* **Task description**:
Without copying the images, write out all the entries below verbatim.

┌────────

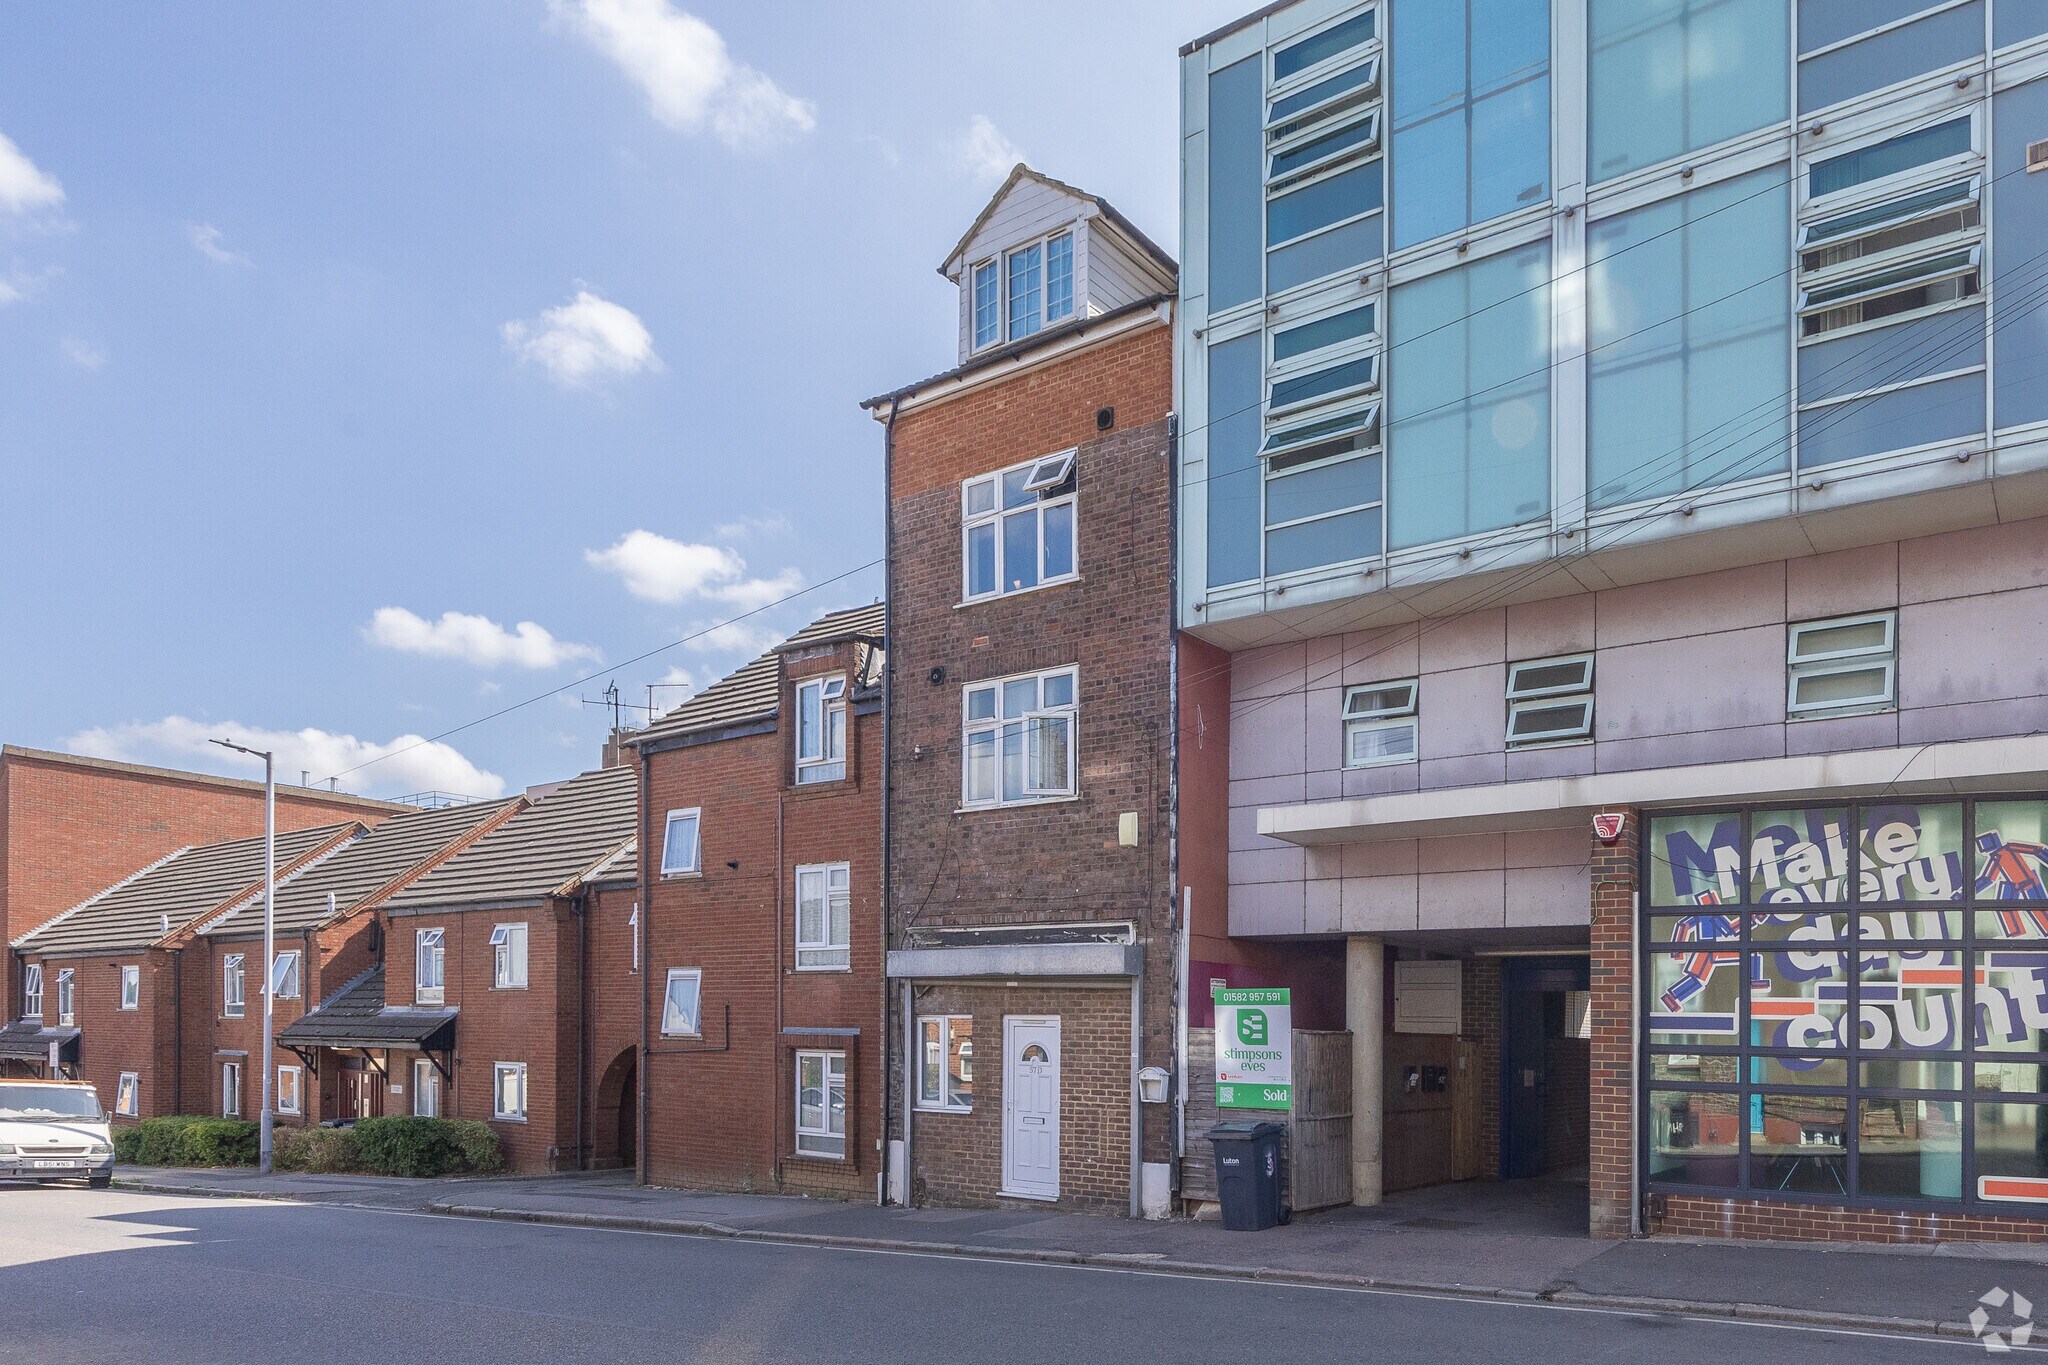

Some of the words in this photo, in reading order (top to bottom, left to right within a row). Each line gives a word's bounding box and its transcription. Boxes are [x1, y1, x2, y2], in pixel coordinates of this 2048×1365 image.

[1713, 822, 1919, 899] Make
[1768, 855, 1953, 922] every
[1787, 908, 1944, 971] day
[1223, 992, 1247, 1002] 01582
[1249, 992, 1265, 1002] 957
[1266, 992, 1281, 1002] 591
[1224, 1048, 1283, 1062] stimpsons
[1240, 1062, 1266, 1072] eves
[1263, 1089, 1287, 1102] Sold
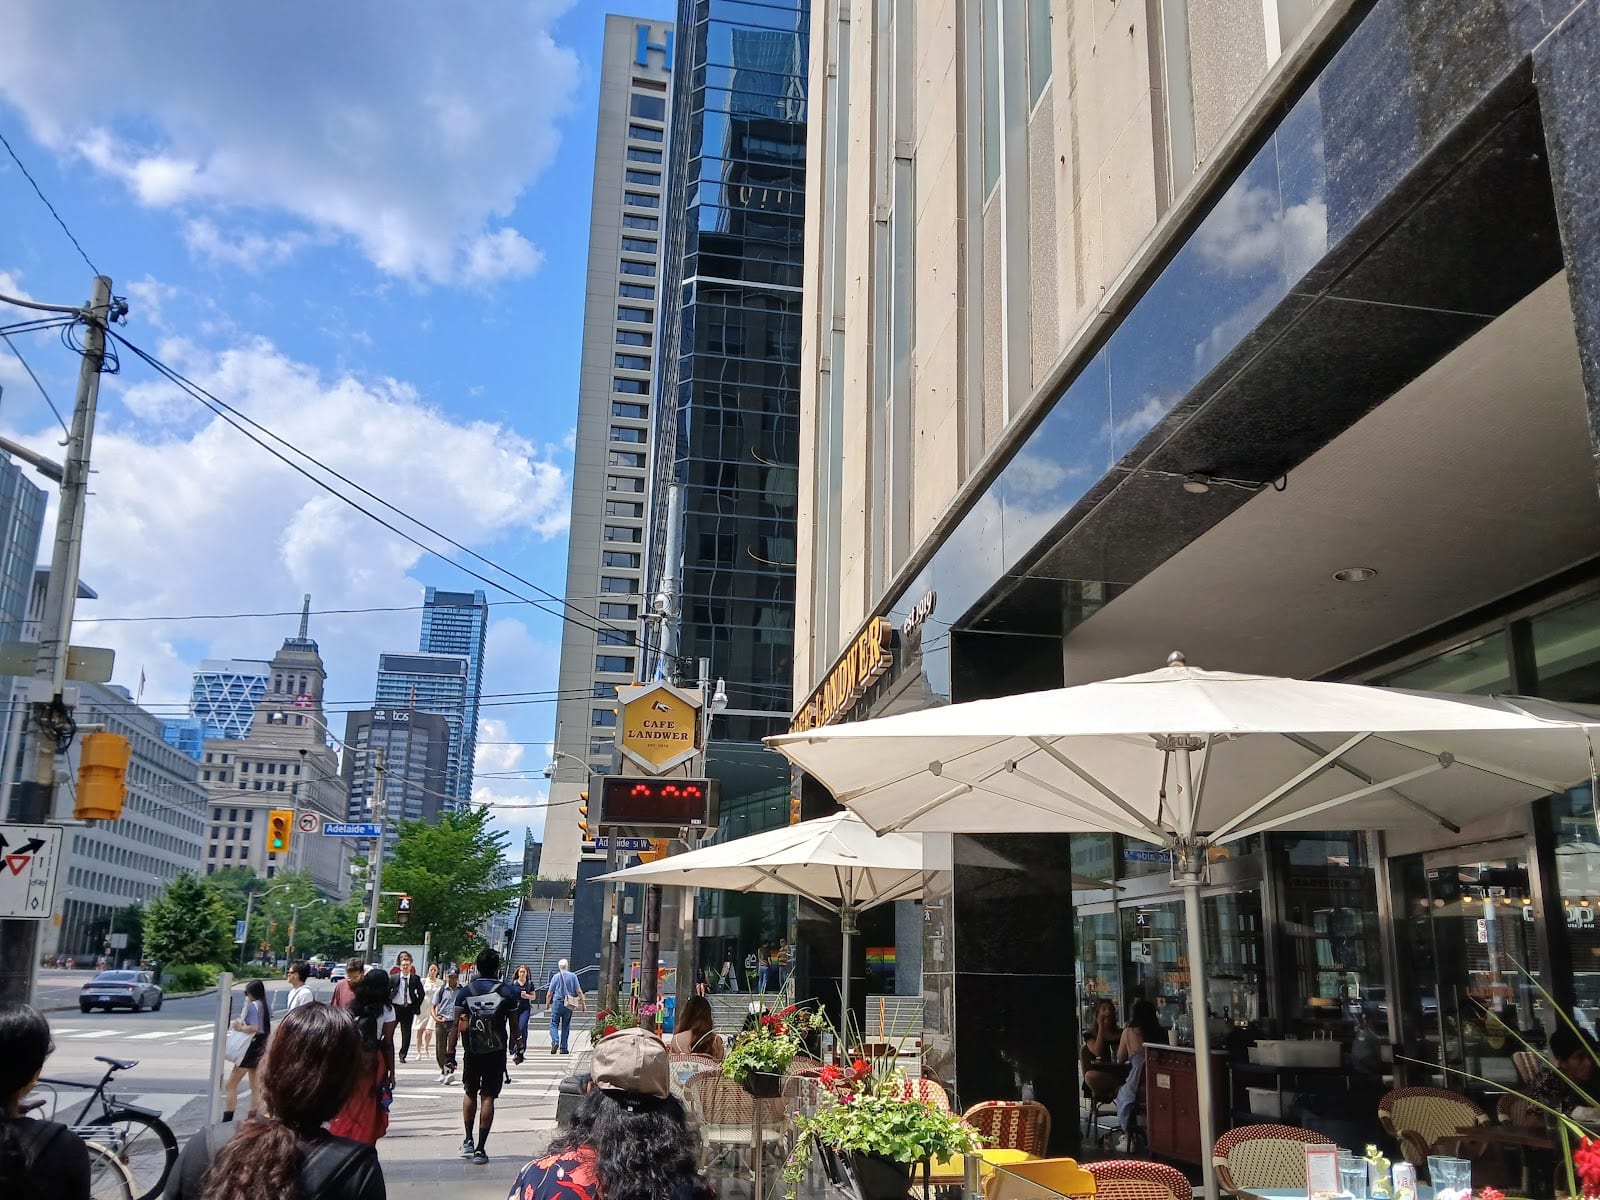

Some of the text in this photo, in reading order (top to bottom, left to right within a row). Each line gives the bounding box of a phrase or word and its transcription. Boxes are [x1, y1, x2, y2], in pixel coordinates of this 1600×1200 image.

[633, 24, 674, 71] H
[815, 616, 882, 728] LANDWER
[392, 710, 410, 722] tcs
[643, 720, 675, 729] CAFE
[628, 730, 688, 740] LANDWER
[326, 824, 365, 834] Adelaide
[373, 825, 382, 834] W
[598, 837, 630, 848] Adide
[640, 839, 648, 848] W

└────────

* **Solution for this problem**:
Some of the words in this photo, in reading order (top to bottom, left to right within a row). Each line gives a word's bounding box and its transcription. Boxes are [x1, y1, x2, y2], in pixel coordinates of this 2048×1365 image.

[1713, 822, 1919, 899] Make
[1768, 855, 1953, 922] every
[1787, 908, 1944, 971] day
[1223, 992, 1247, 1002] 01582
[1249, 992, 1265, 1002] 957
[1266, 992, 1281, 1002] 591
[1224, 1048, 1283, 1062] stimpsons
[1240, 1062, 1266, 1072] eves
[1263, 1089, 1287, 1102] Sold

Some of the text in this photo, in reading order (top to bottom, left to right within a row). Each line gives the bounding box of a phrase or word and its transcription. Boxes are [x1, y1, x2, y2], in pixel coordinates of this 1600×1200 image.

[633, 24, 674, 71] H
[815, 616, 882, 728] LANDWER
[392, 710, 410, 722] tcs
[643, 720, 675, 729] CAFE
[628, 730, 688, 740] LANDWER
[326, 824, 365, 834] Adelaide
[373, 825, 382, 834] W
[598, 837, 630, 848] Adide
[640, 839, 648, 848] W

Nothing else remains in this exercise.